The Department of Health has announced GPs should include pregnant women for the first time in this year's seasonal flu vaccination campaign.

Ministers announced that GPs should invite all pregnant women to receive this year's seasonal flu jab, which contains the H1N1 swine flu strain as one of three component influenza strains.

Data from the southern hemisphere shows the swine flu strain will continue to circulate this winter, putting pregnant women at an increased risk of severe disease and flu-related hospital admissions.

The decision to include pregnant women in this year's campaign, which was recommended to ministers by the DH advisors on the Joint Committee on Vaccination and Immunisation, will stand for the 2010/11 campaign only – but the JCVI has been asked to decide whether to routinely include all pregnant women from the 2011/12 campaign onwards.

Professor David Salisbury, the DH's director of immunisation said: ‘This represents a big shift in thinking for us. The recommendation as it stands is for this year only but the JCVI will consider the routine vaccination of pregnant women. This has gone back and forth a number of times and we need a definitive recommendation from the JCVI.'

Professor Salisbury encouraged GPs to allay safety fears in pregnant women in order to make sure uptake is high, and hit back at the ‘prejudice' against swine flu vaccine safety by insisting the seasonal flu vaccine has been rigorously tested and does not contain the adjuvant which prompted safety fears in the swine flu vaccine.

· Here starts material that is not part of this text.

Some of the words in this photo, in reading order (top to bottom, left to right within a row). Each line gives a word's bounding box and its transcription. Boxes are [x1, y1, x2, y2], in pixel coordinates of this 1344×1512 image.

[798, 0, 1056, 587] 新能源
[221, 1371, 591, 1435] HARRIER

‘Refusing the vaccine is, frankly, foolhardy. To ignore the vaccine because of a prejudice against the swine flu vaccine is putting yourself at risk. That's important to say, even if it's uncomfortable, as that attitude of refusing the vaccine ignores the risks.

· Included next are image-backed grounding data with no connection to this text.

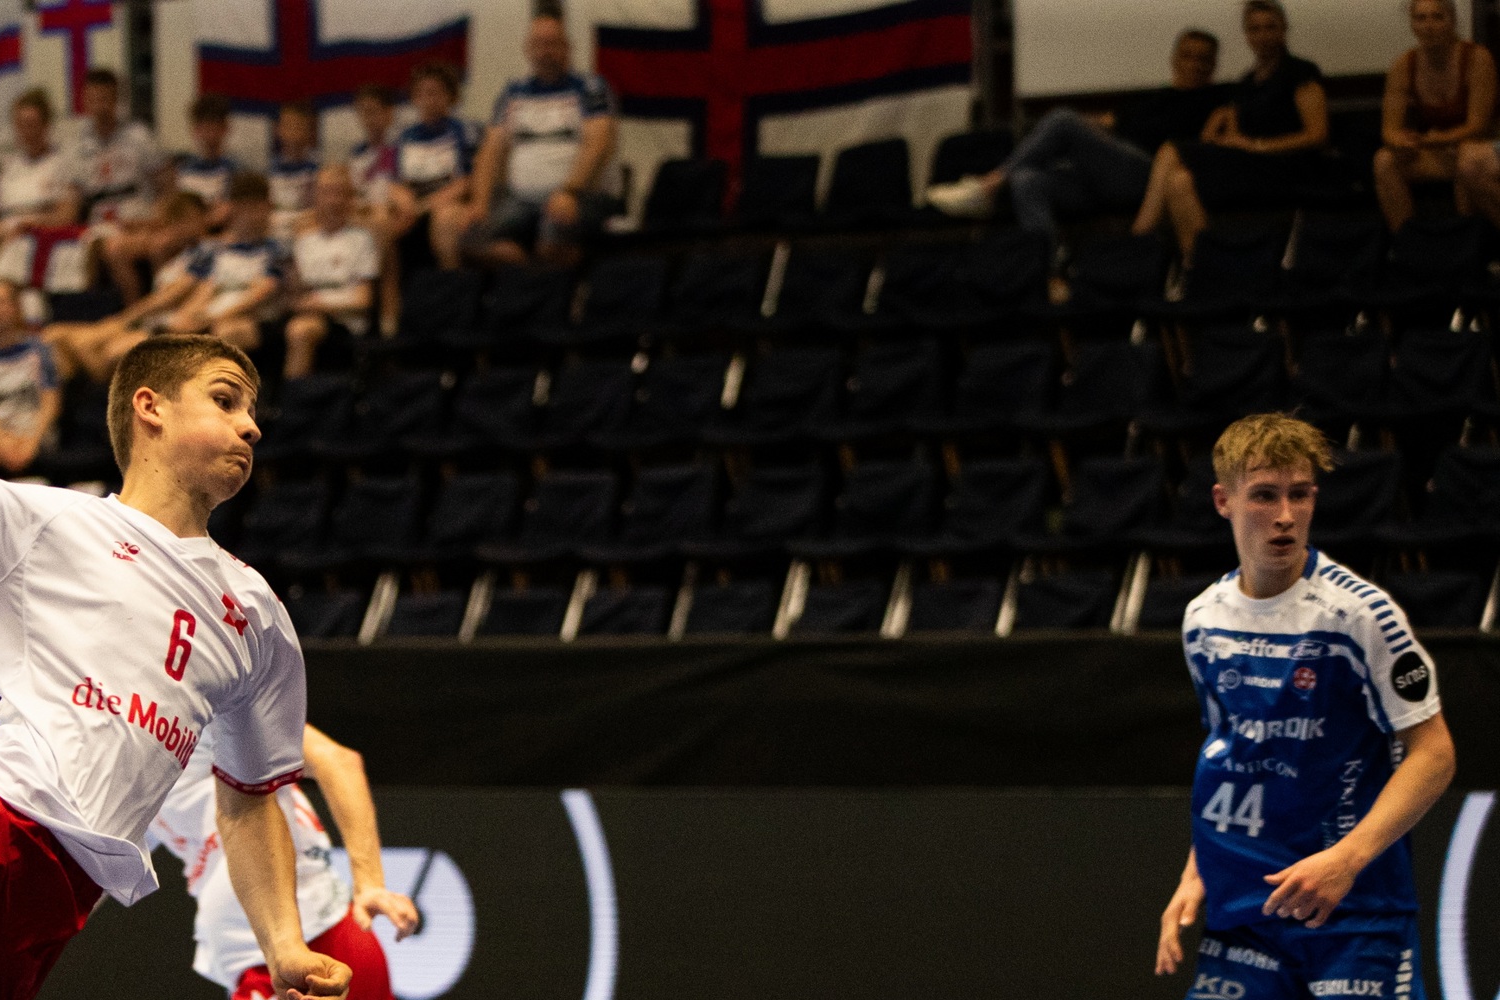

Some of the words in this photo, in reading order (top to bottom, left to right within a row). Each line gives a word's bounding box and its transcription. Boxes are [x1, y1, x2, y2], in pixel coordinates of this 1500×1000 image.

[164, 608, 197, 682] 6
[1395, 663, 1430, 691] sms
[71, 677, 122, 715] die
[127, 692, 197, 770] Mobili
[1201, 781, 1265, 838] 44
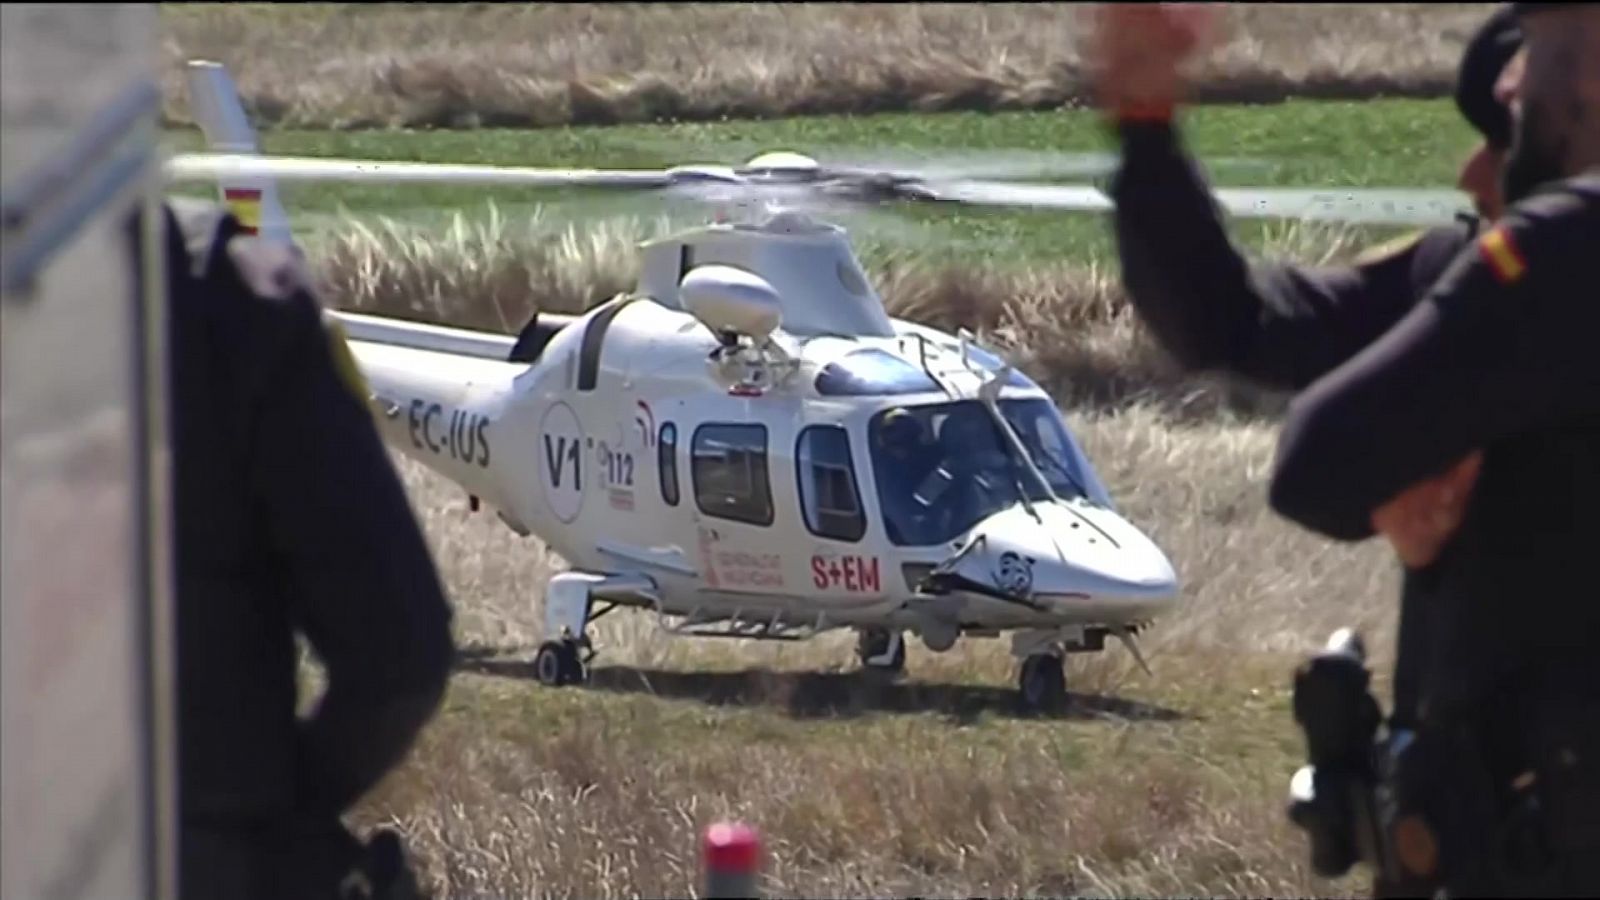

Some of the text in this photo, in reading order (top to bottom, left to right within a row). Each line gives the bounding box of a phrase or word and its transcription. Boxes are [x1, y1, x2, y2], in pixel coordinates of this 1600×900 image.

[408, 400, 490, 468] EC-IUS
[545, 433, 581, 491] V1
[607, 452, 634, 486] 112
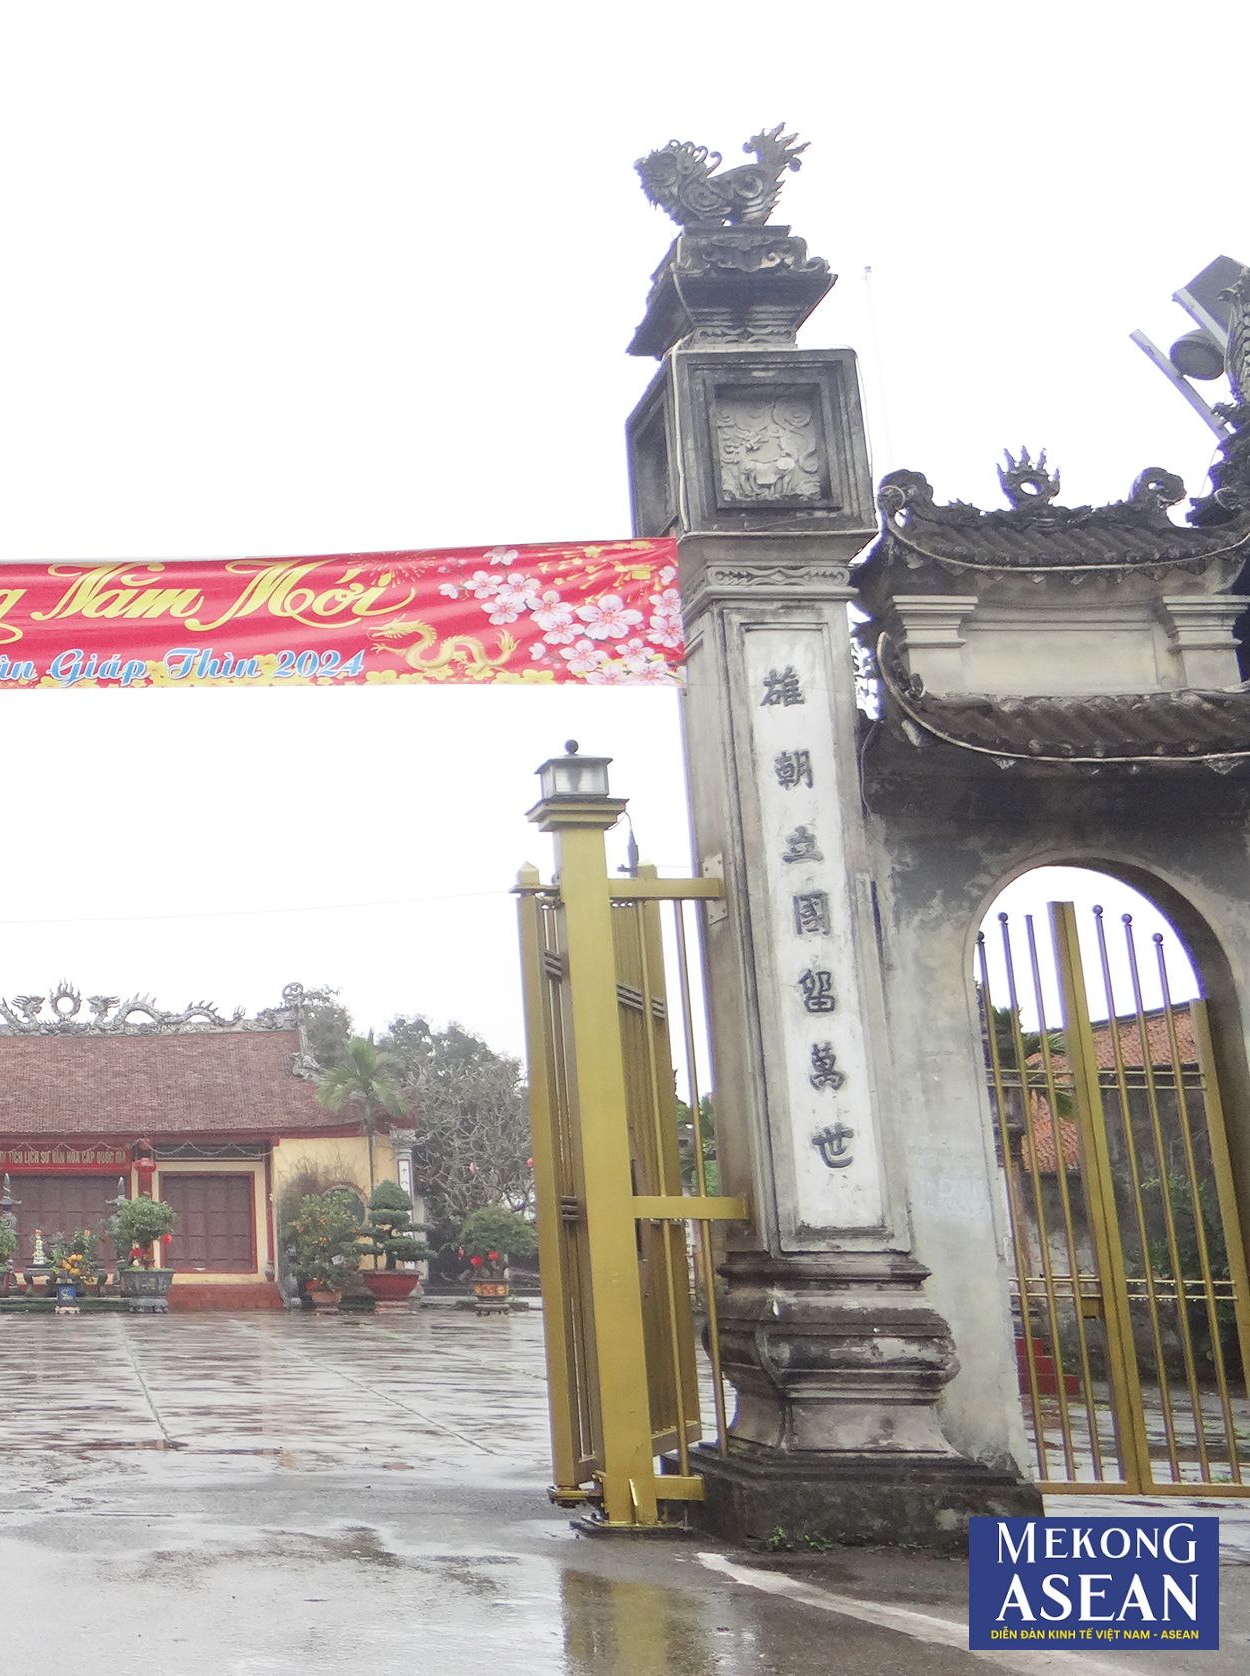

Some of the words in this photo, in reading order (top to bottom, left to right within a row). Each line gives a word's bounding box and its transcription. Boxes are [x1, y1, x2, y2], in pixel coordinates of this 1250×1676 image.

[30, 562, 204, 621] Năm
[184, 559, 416, 631] Mới
[46, 648, 149, 687] Giáp
[163, 647, 262, 680] Thìn
[271, 648, 366, 678] 2024

‘The reason the JCVI recommended we keep pregnant women in [the at-risk groups] was because of the risks that emerged during the H1N1 pandemic, when pregnant women were disproportionately at risk of hospitalisations and complications.

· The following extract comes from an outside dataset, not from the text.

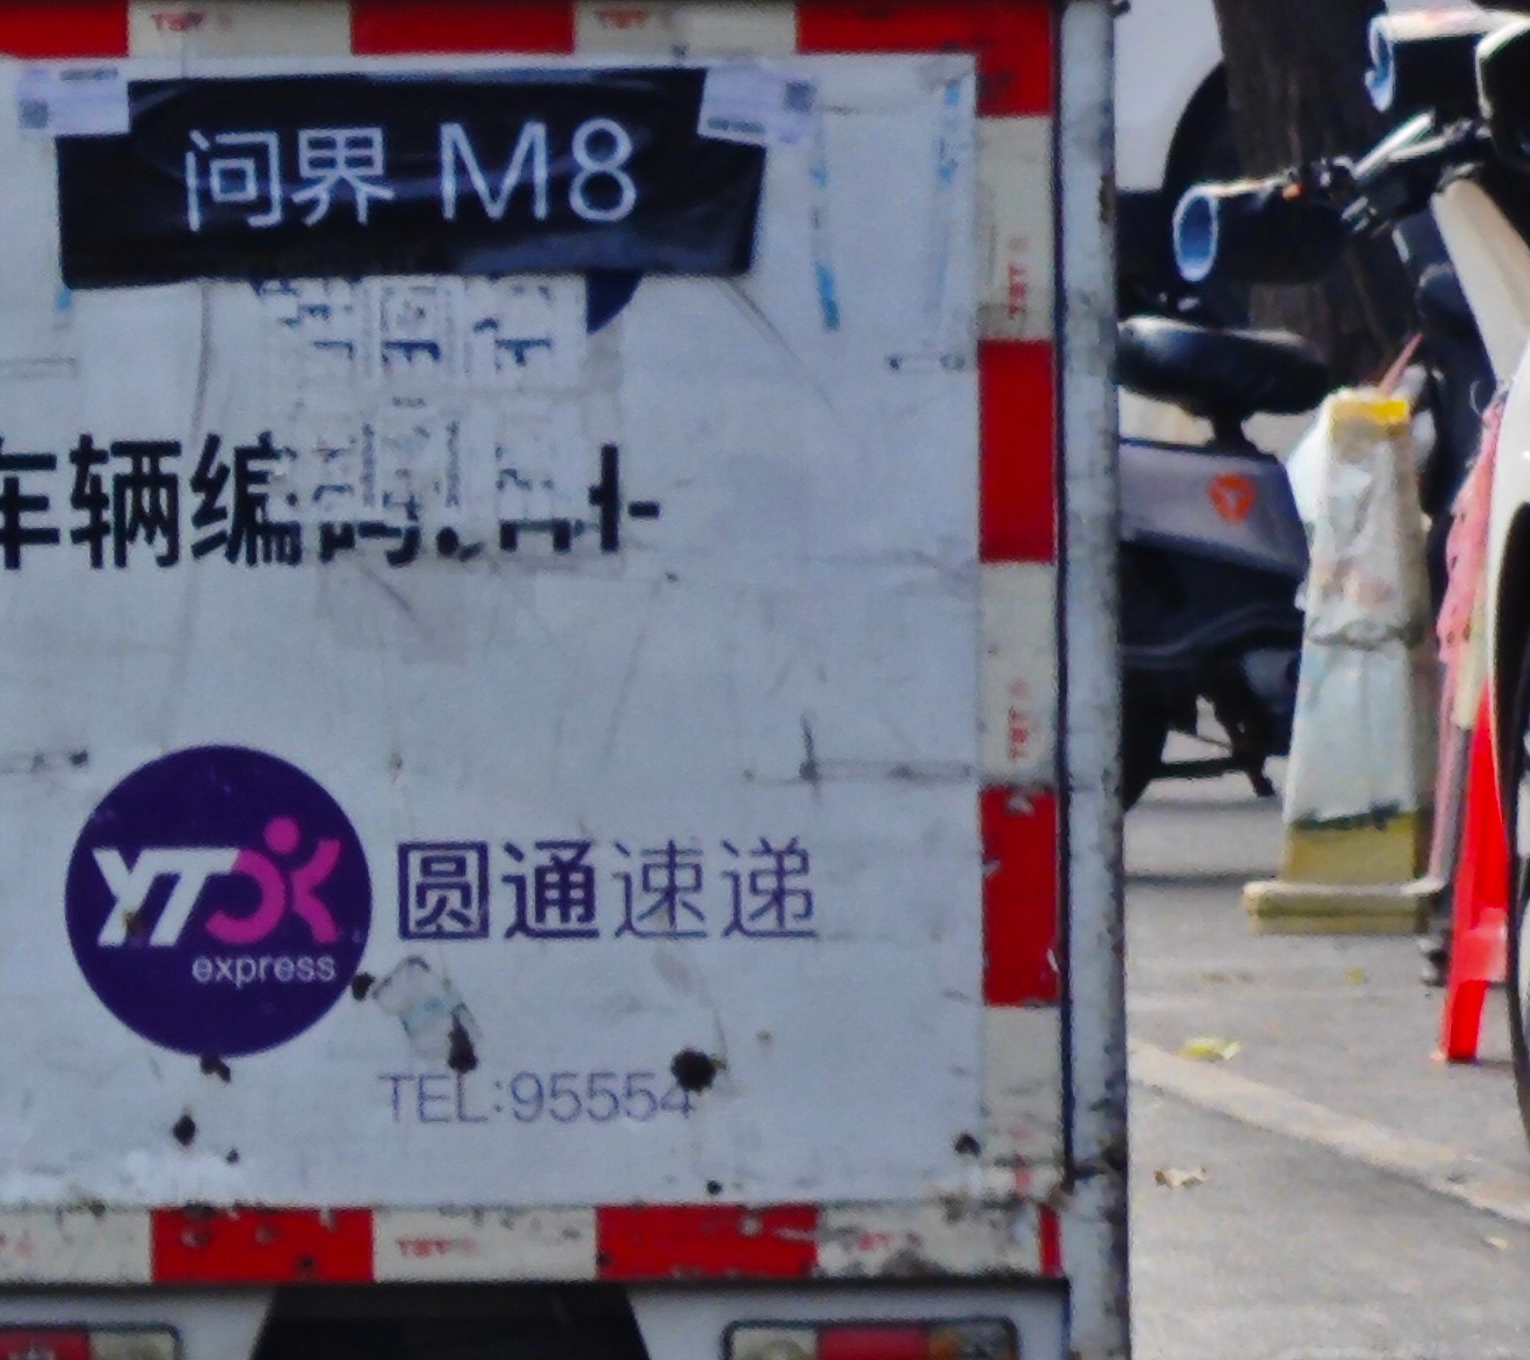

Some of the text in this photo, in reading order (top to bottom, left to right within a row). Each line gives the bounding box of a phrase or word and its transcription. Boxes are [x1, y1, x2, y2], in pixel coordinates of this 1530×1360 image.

[185, 118, 638, 232] 问界 M8
[397, 837, 820, 941] 圆通速递
[191, 954, 337, 988] express

‘Let's deal with this openly now, rather than give it any credibility. I'm not aware of any reason why pregnant women should not be vaccinated, or any attributable adverse events in Europe reported in women who had the swine flu vaccine. It is in the best interest of pregnant women to be vaccinated,' he said.

Healthy children under five were also included in the swine flu vaccination campaign, but a combined uptake to around 20% in this group, and seroepidemiological data that showed many children were infected sub-clinically, has led ministers to believe that the proportion of children who have not already been exposed to the H1N1 strain is relatively small.